So, I have been forced to find new ways of organizing information.  When I look at a person’s medical condition or a specific symptom, I want to have access to:

  1. All medications related to it.
  2. All encounters where it was addressed.
  3. All  associated testing, procedures, surgeries, and hospitalizations.
  4. The opinions and contributions of other doctors on the issue.
  5. A clear idea of it’s impact on the patient.

I want this information with as little work as possible so my communication can be as efficient and effective as possible.  It’s been a tough task, but I think I’ve found a way to do this without demanding extra work.

3. Give that record to the patient

I am not the only one who needs good information; the patient is an equal participant in these conversations, and the one with the most to gain from good decisions.  The only solution I can see is to put this information where it belongs: in the hands of the patient.

If I had embraced this idea fully in my previous life, I would have been faced with a problem: the medical records sucked.  The useful information that happened to be present in the record was buried in piles of coding compliance refuse, obscured by reams of superfluous data.  Our records were better than most, and yet sharing them would reveal to our patients how little time was spent keeping them organized and accurate.  We simply had more important things to do: things that paid the bills.

Creating a truly meaningful and useful record has not simply been something I’ve done for myself; my ultimate goal is to not only give them to the patient, but to invite them to help me in the never-ending task of keeping them organized and updated.  My job will be to curate that information, as I better understand which parts of the information should be emphasized, and which should be available when needed.
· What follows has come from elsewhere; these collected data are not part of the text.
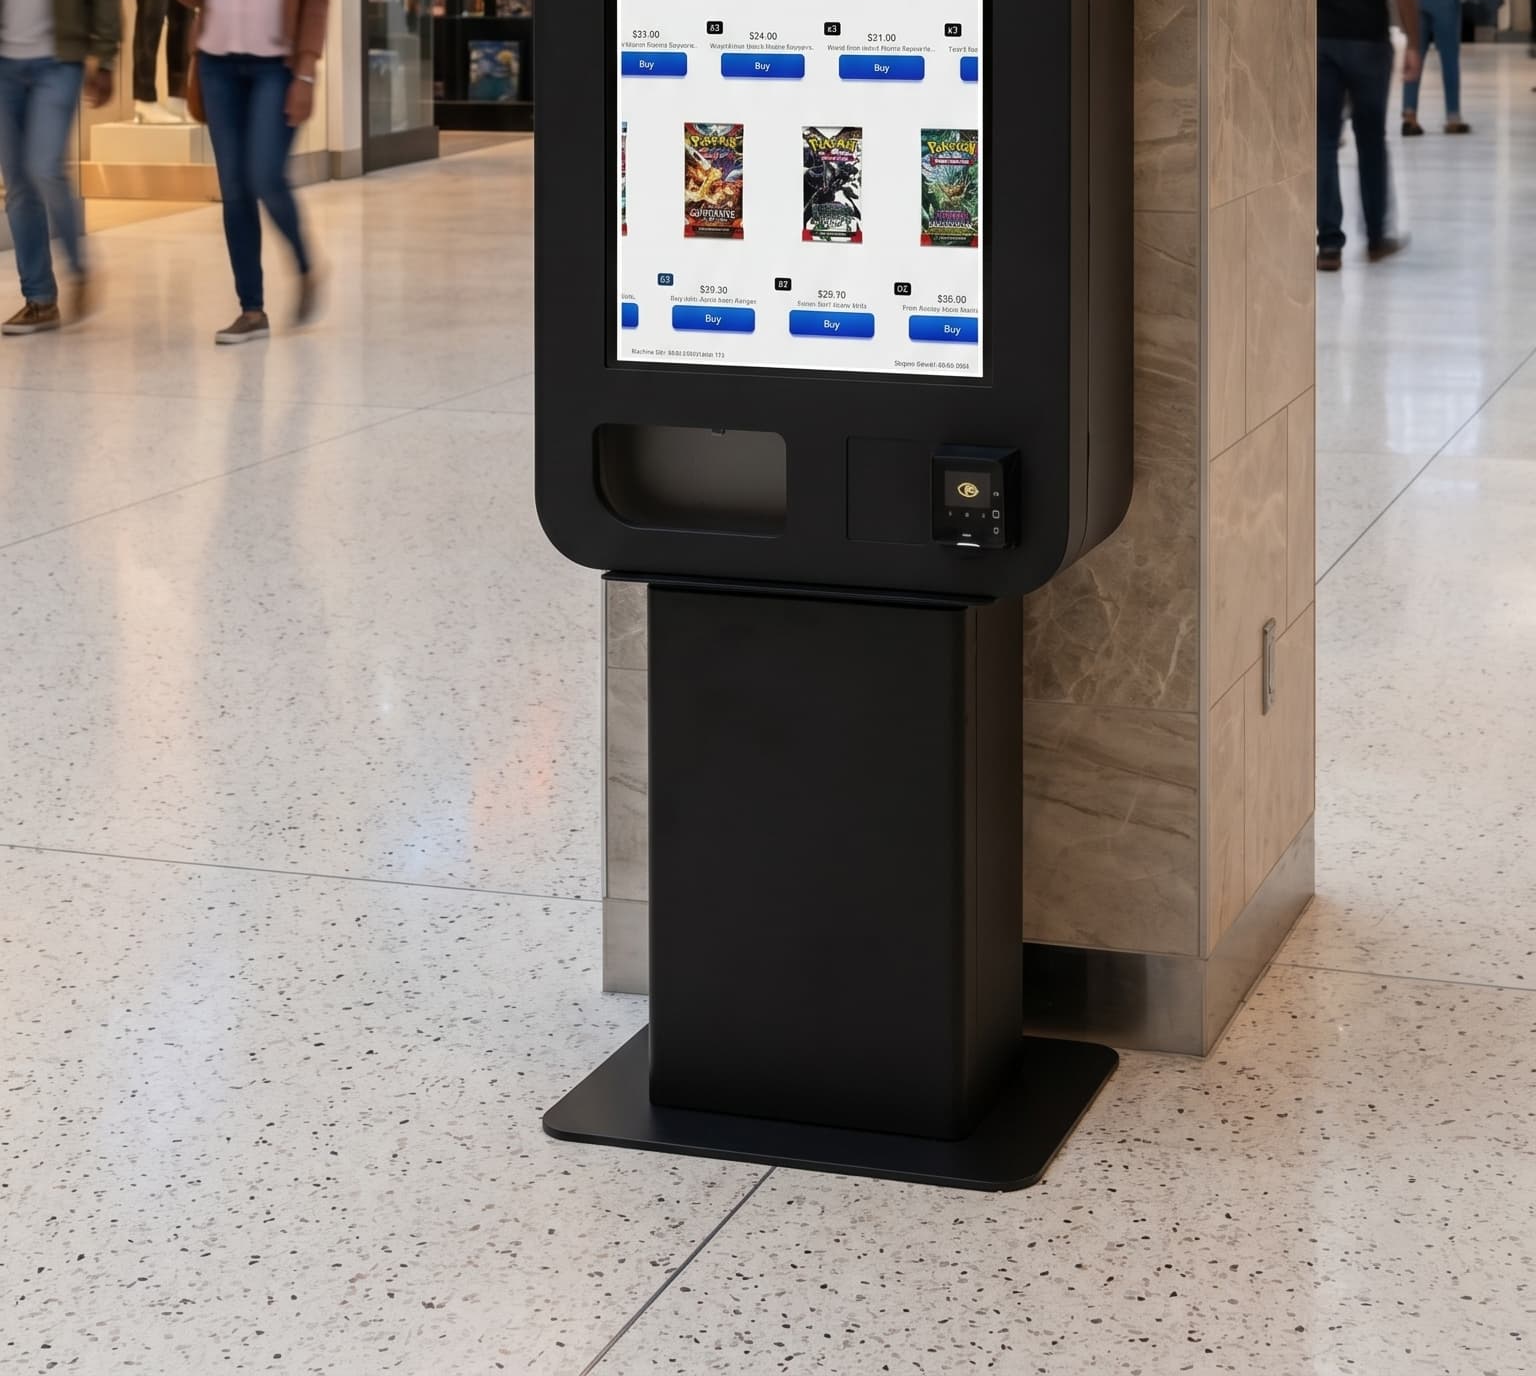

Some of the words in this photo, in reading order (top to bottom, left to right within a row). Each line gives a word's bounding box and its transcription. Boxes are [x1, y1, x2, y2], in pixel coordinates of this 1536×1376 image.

[749, 31, 778, 40] $24.00
[867, 33, 896, 42] $21.00
[639, 60, 654, 70] Buy
[754, 62, 770, 71] Buy
[874, 64, 890, 73] Buy
[705, 314, 722, 325] Buy
[823, 320, 840, 331] Buy
[944, 325, 961, 336] Buy
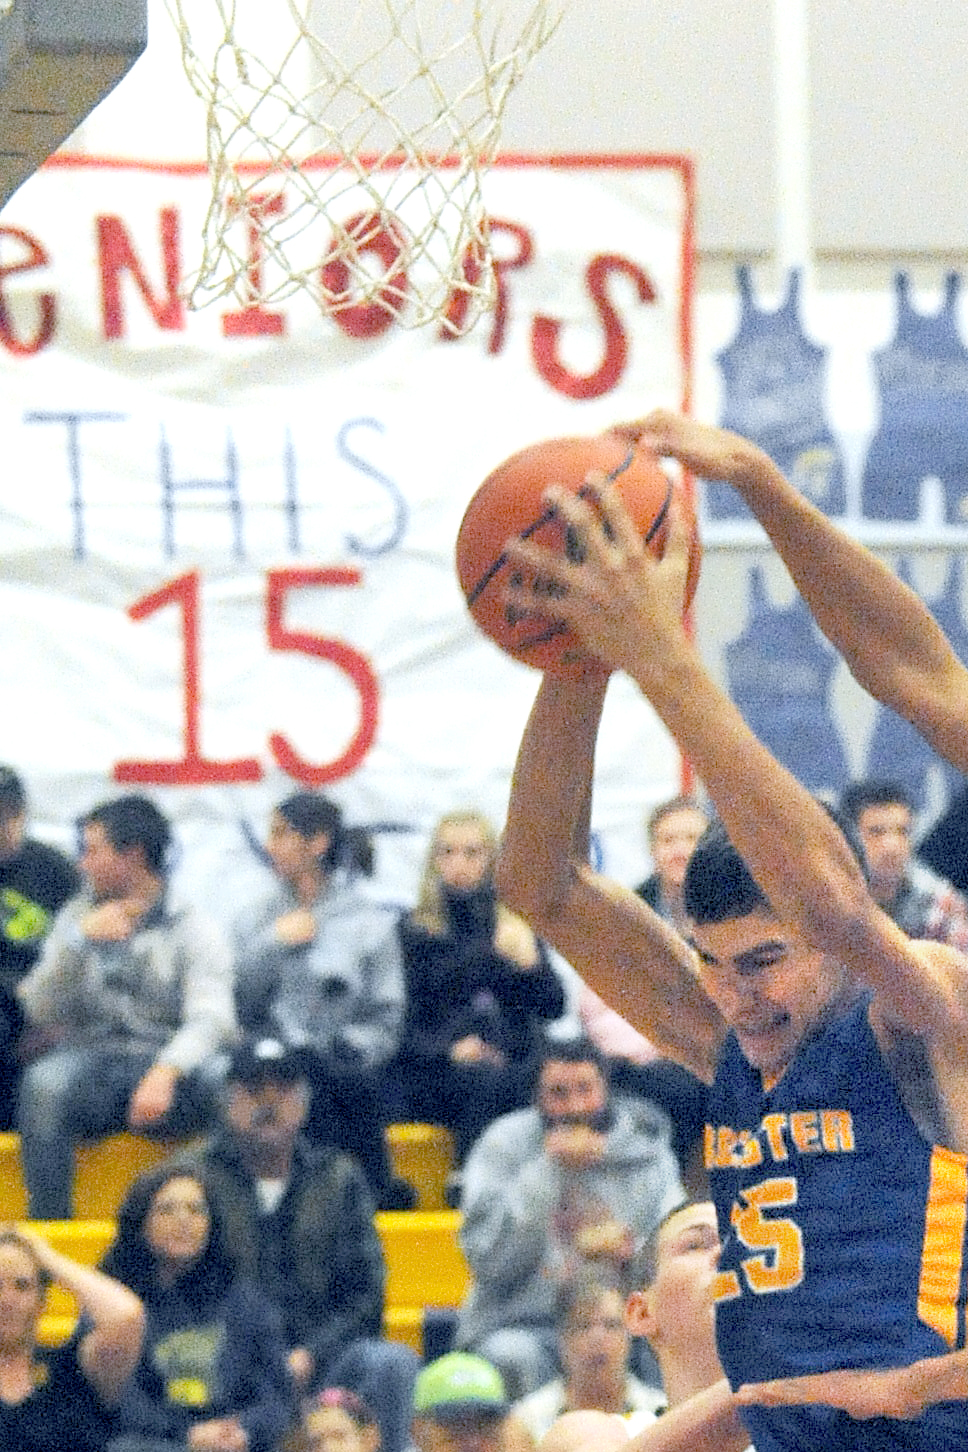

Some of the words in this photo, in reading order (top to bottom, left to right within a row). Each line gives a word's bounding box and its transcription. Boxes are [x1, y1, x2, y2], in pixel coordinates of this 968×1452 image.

[23, 410, 408, 563] THIS
[113, 566, 380, 786] 15
[712, 1177, 804, 1303] 5
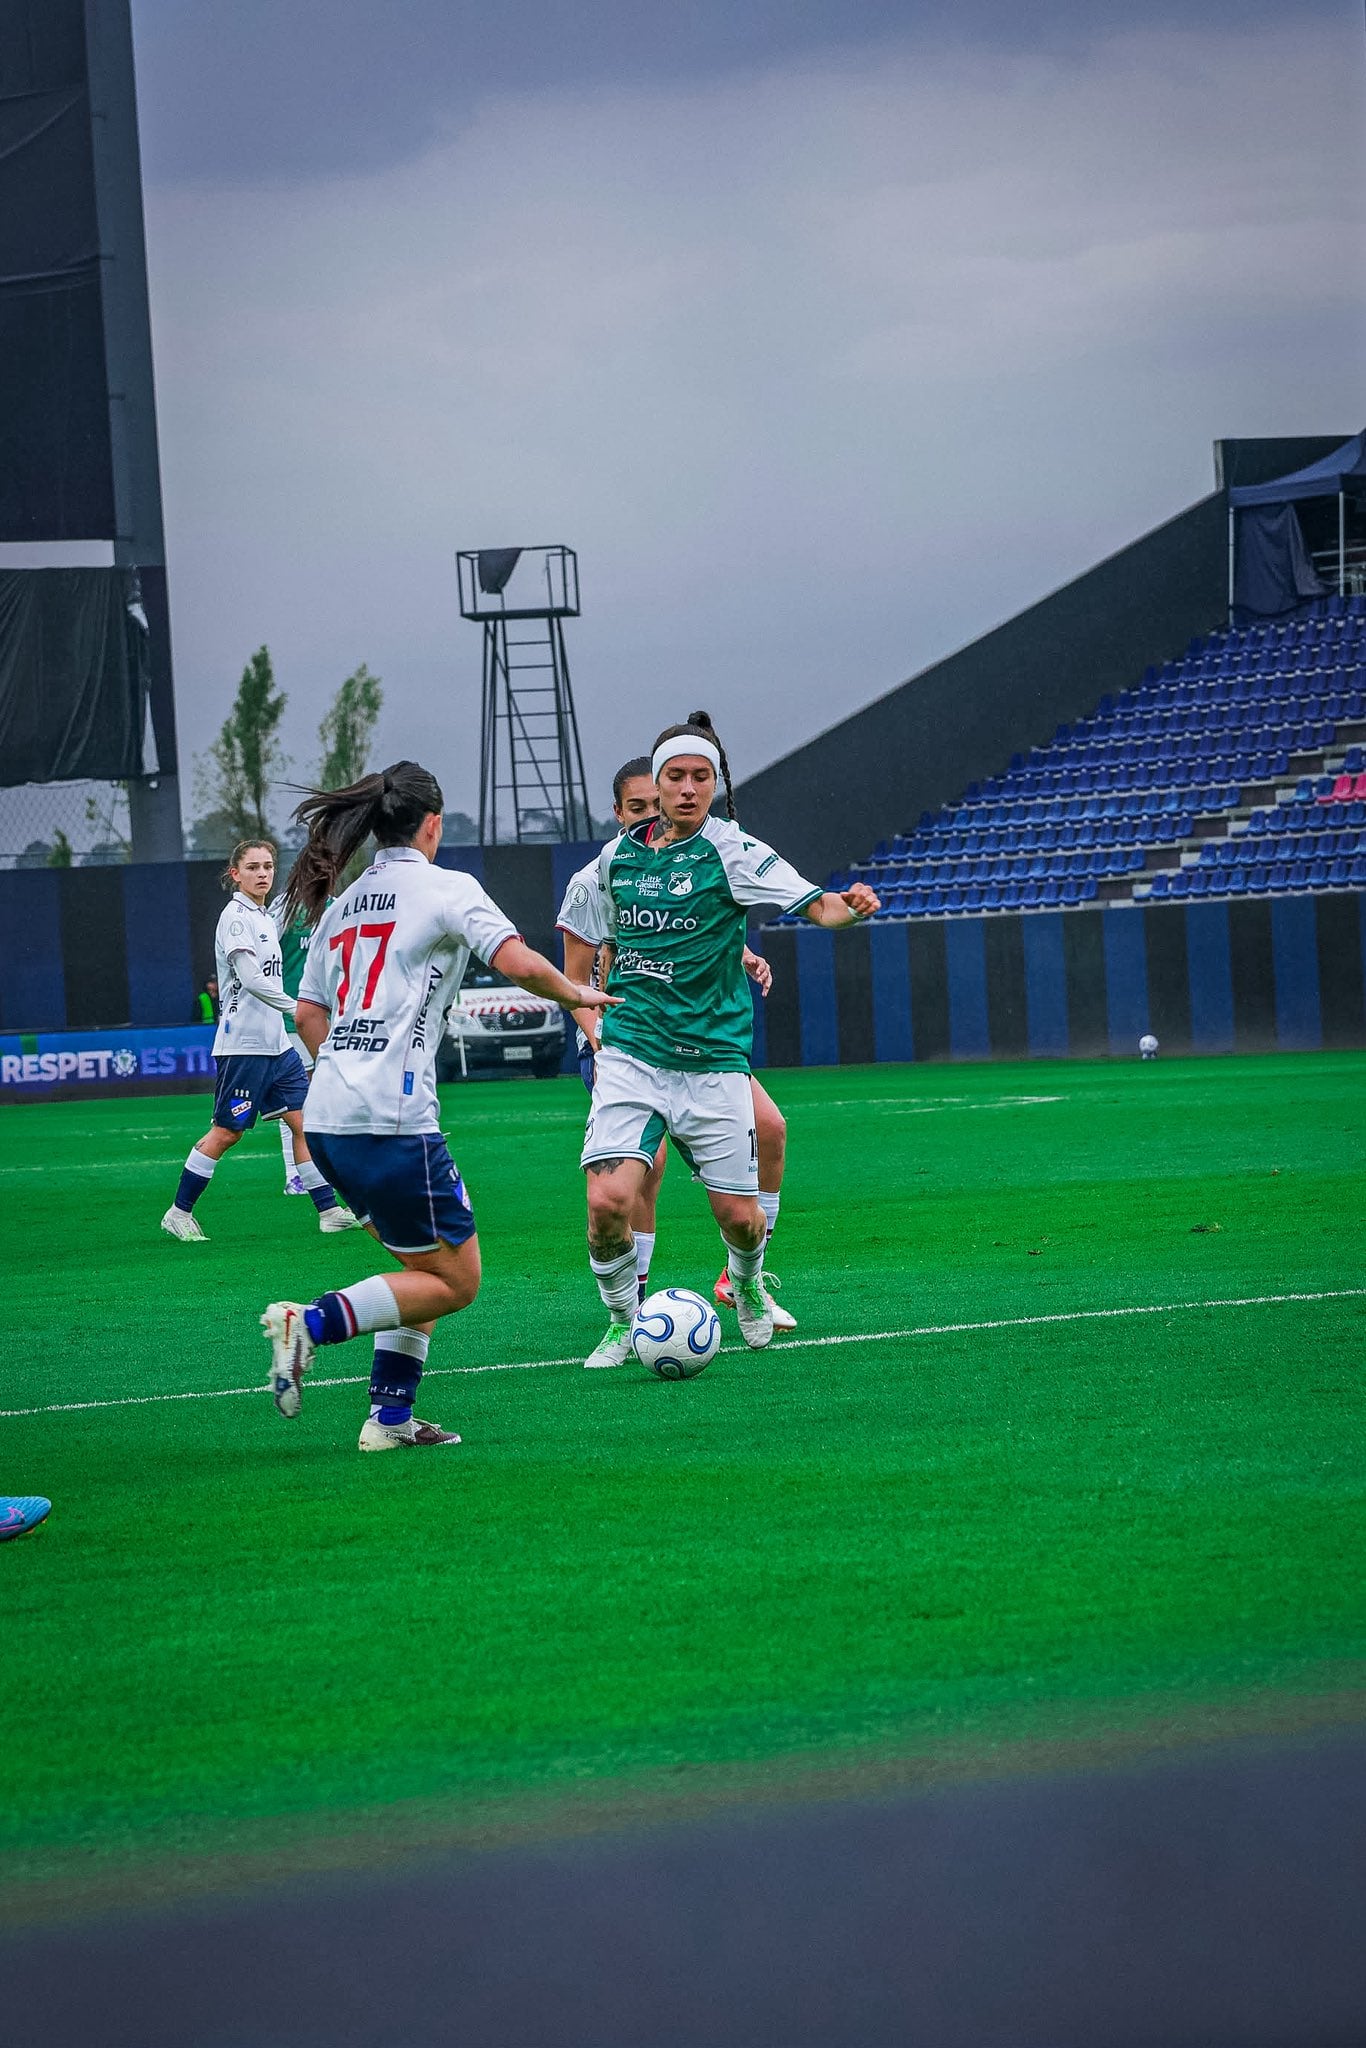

I’ve got more points to make, but will let that go to another post.  The point I want to make clear is this: the radical change in my payment model has forced an equally radical change in the systems that support that model.  I can’t put new wine in old wineskins.  The medical record of my past life was built to help with the problems inherent in that sad existence, and they served to amplify the sadness of that existence.  Now living in a much happier, patient-centered world, I can build something that will increase that goodness and happiness.

Rob Lamberts is an internal medicine-pediatrics physician who blogs at More Musings (of a Distractible Kind).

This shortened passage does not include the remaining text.